_ABOUT THIS EXERCISE_
Make an exact copy of all the records that follow, apart from the pictures.

_RECORDS FOR PROCESSING_
═══

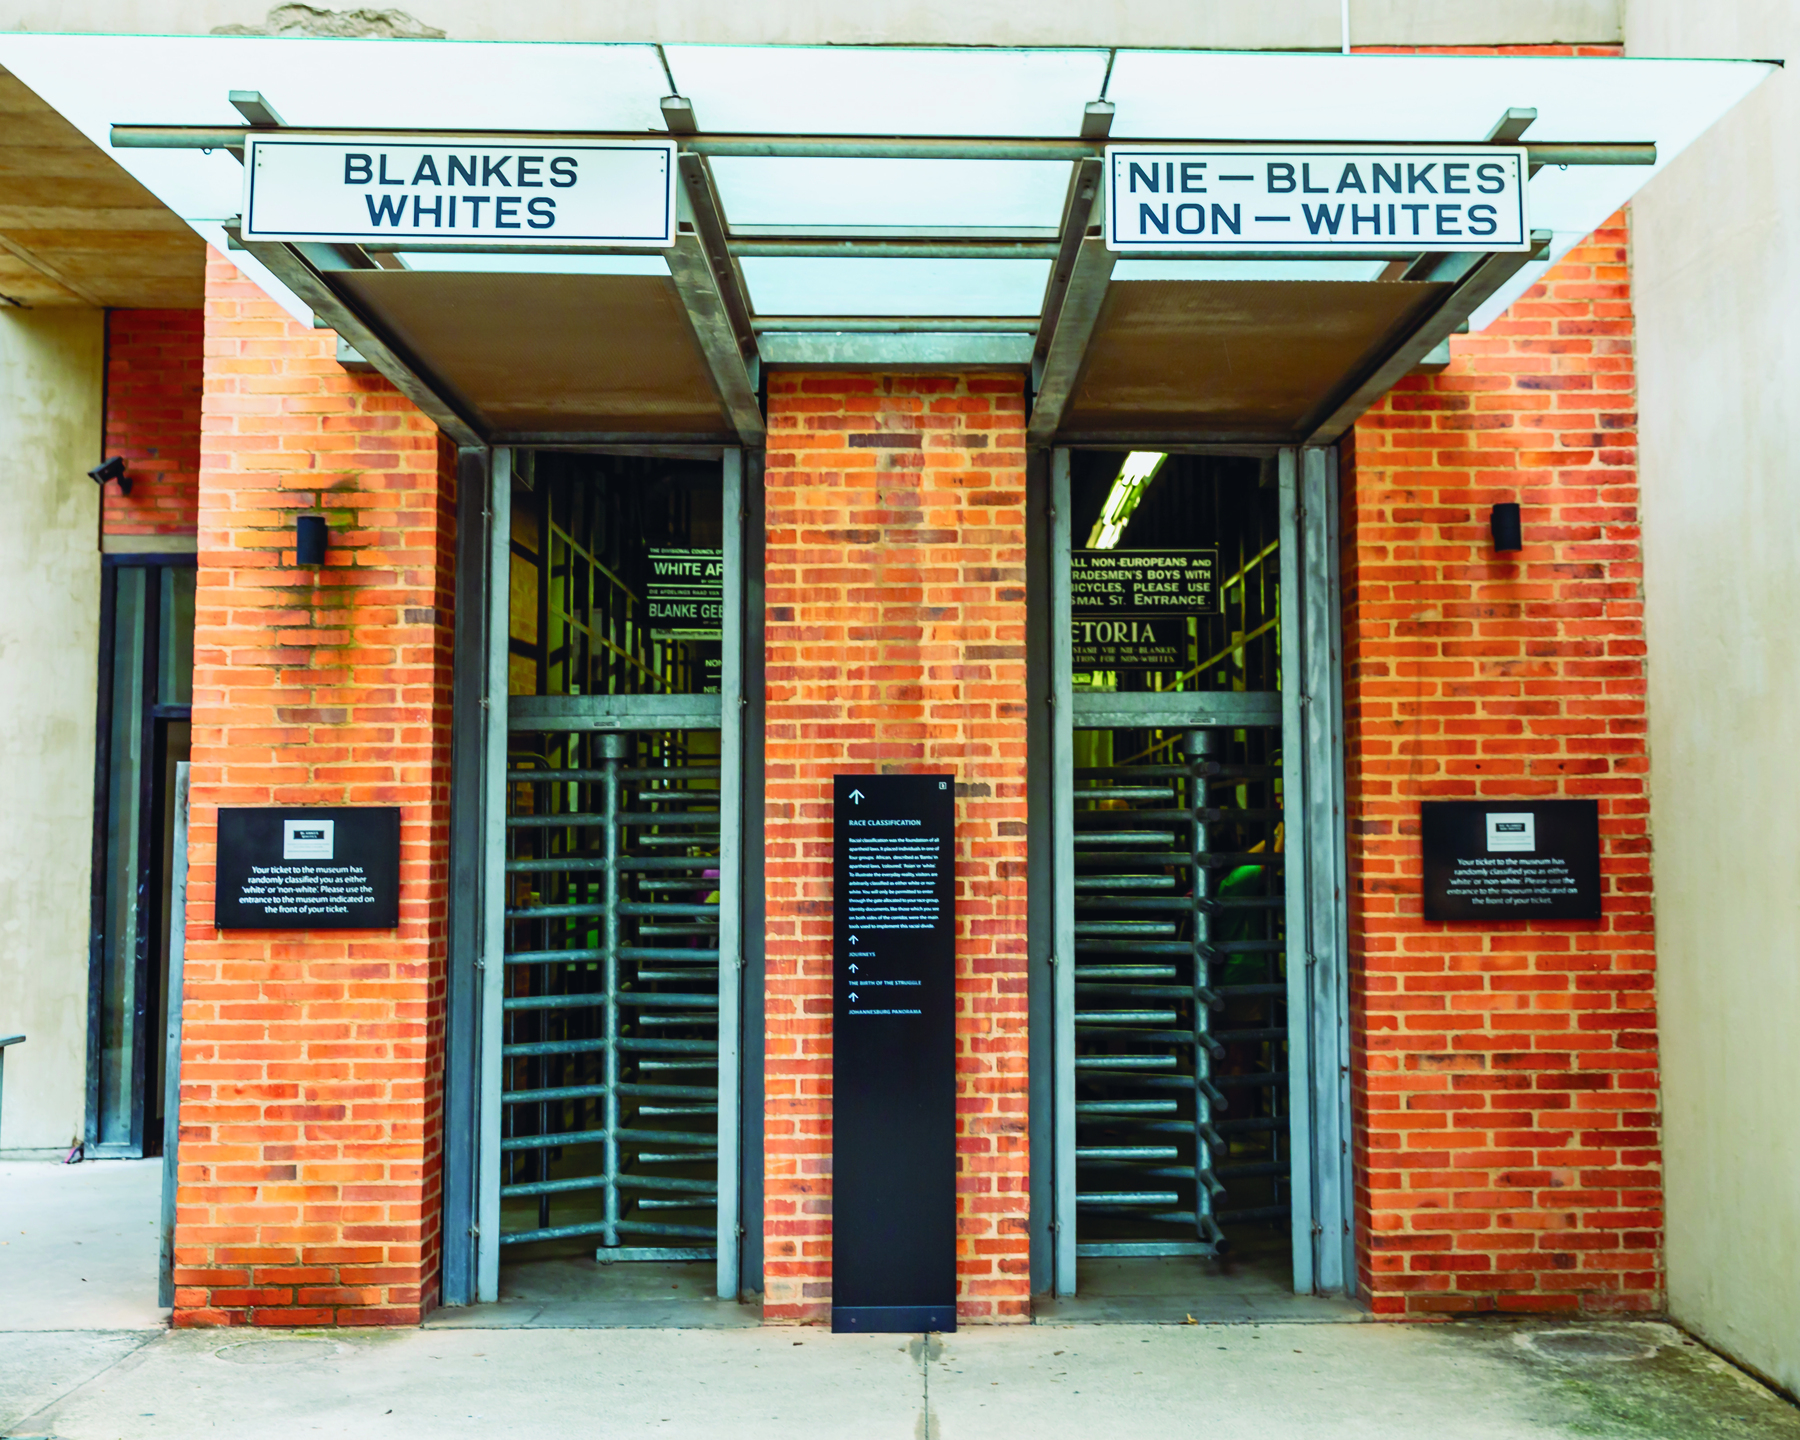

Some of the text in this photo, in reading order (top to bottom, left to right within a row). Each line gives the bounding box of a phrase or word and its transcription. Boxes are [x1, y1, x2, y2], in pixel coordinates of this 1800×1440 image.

[344, 153, 579, 188] BLANKES
[365, 194, 556, 229] WHITES
[1091, 558, 1187, 567] NON-EUROPEANS
[1192, 559, 1211, 567] AND
[654, 562, 702, 576] WHITE
[1072, 570, 1211, 580] RADESMEN'S BOYS WITH
[1133, 582, 1179, 592] PLEASE
[1187, 582, 1211, 592] USE
[649, 603, 698, 618] BLANKE
[252, 866, 269, 874] Your
[271, 866, 292, 874] ticket
[302, 866, 314, 874] the
[248, 876, 283, 885] randomly
[285, 876, 319, 884] classified
[320, 877, 334, 886] you
[273, 896, 281, 904] to
[282, 896, 294, 904] the
[330, 895, 363, 903] indicated
[265, 906, 278, 914] the
[279, 905, 298, 913] front
[299, 905, 308, 913] of
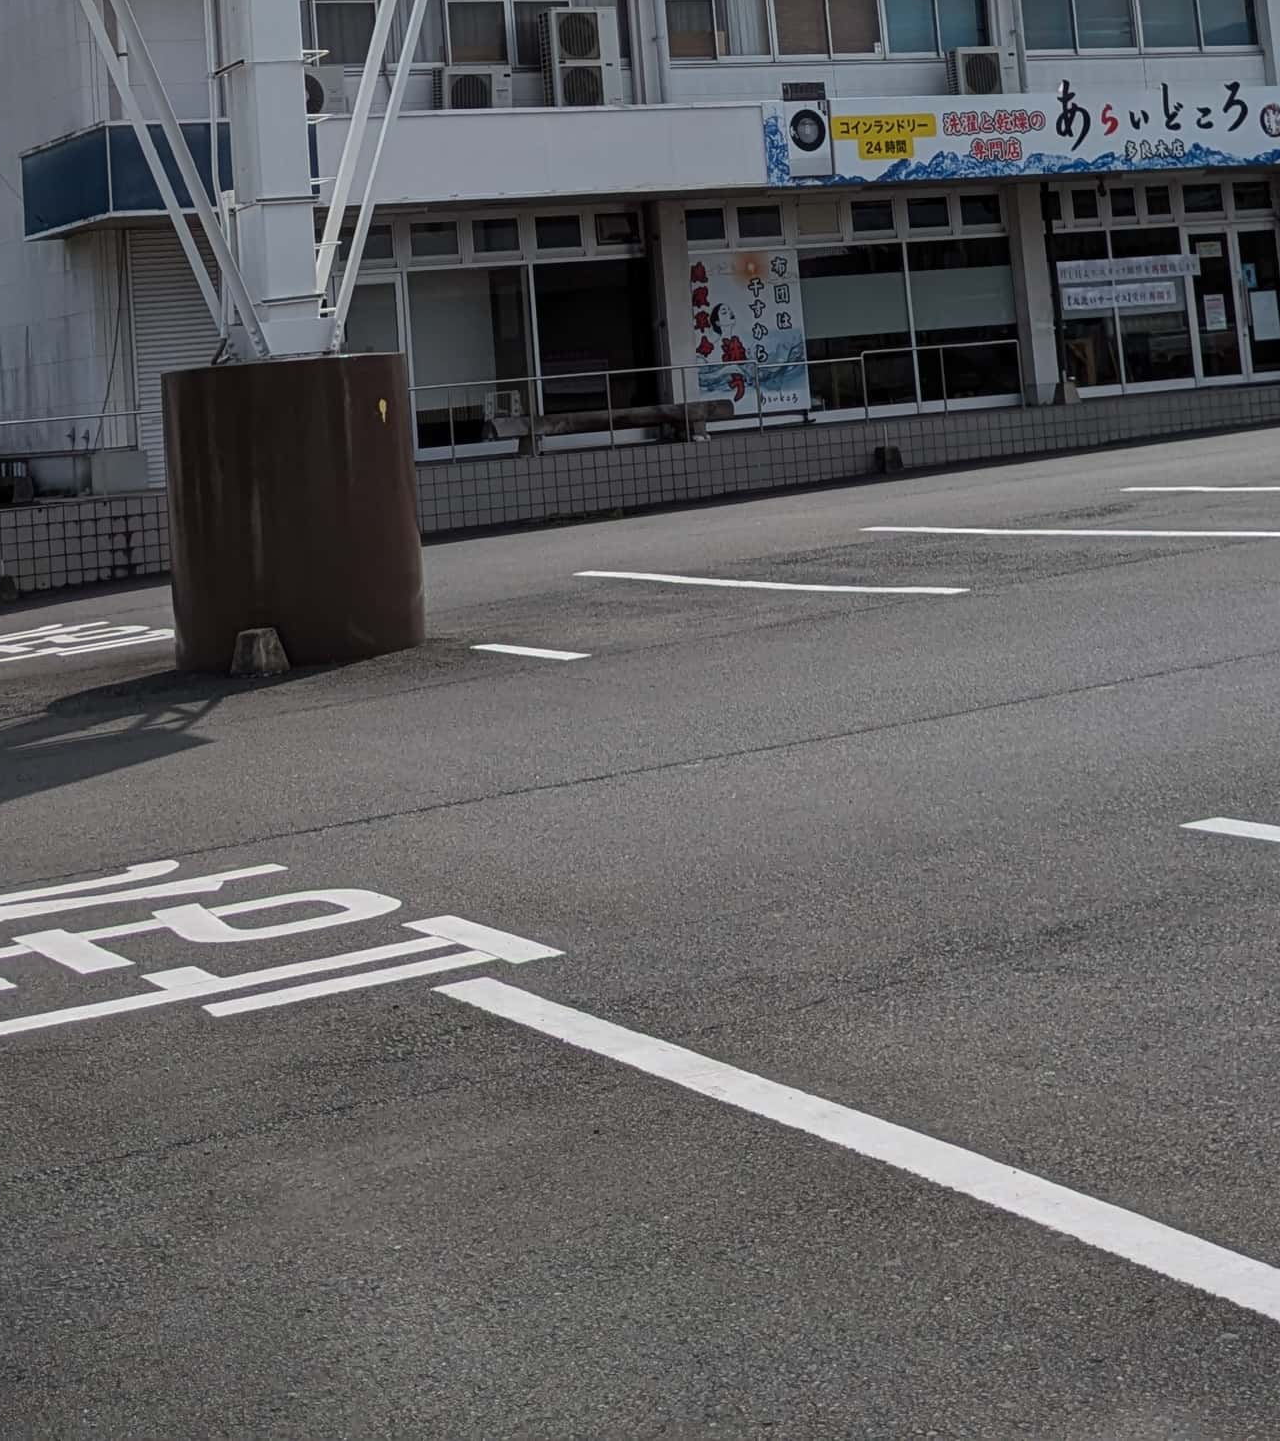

═══

_WRITTEN SOLUTION_
Some of the text in this photo, in reading order (top to bottom, left to right within a row). Each line gives the bounding box of a phrase or word and its transcription. Boxes are [x1, y1, x2, y2], in pixel coordinates of this 1800×1440 image.

[344, 153, 579, 188] BLANKES
[365, 194, 556, 229] WHITES
[1091, 558, 1187, 567] NON-EUROPEANS
[1192, 559, 1211, 567] AND
[654, 562, 702, 576] WHITE
[1072, 570, 1211, 580] RADESMEN'S BOYS WITH
[1133, 582, 1179, 592] PLEASE
[1187, 582, 1211, 592] USE
[649, 603, 698, 618] BLANKE
[252, 866, 269, 874] Your
[271, 866, 292, 874] ticket
[302, 866, 314, 874] the
[248, 876, 283, 885] randomly
[285, 876, 319, 884] classified
[320, 877, 334, 886] you
[273, 896, 281, 904] to
[282, 896, 294, 904] the
[330, 895, 363, 903] indicated
[265, 906, 278, 914] the
[279, 905, 298, 913] front
[299, 905, 308, 913] of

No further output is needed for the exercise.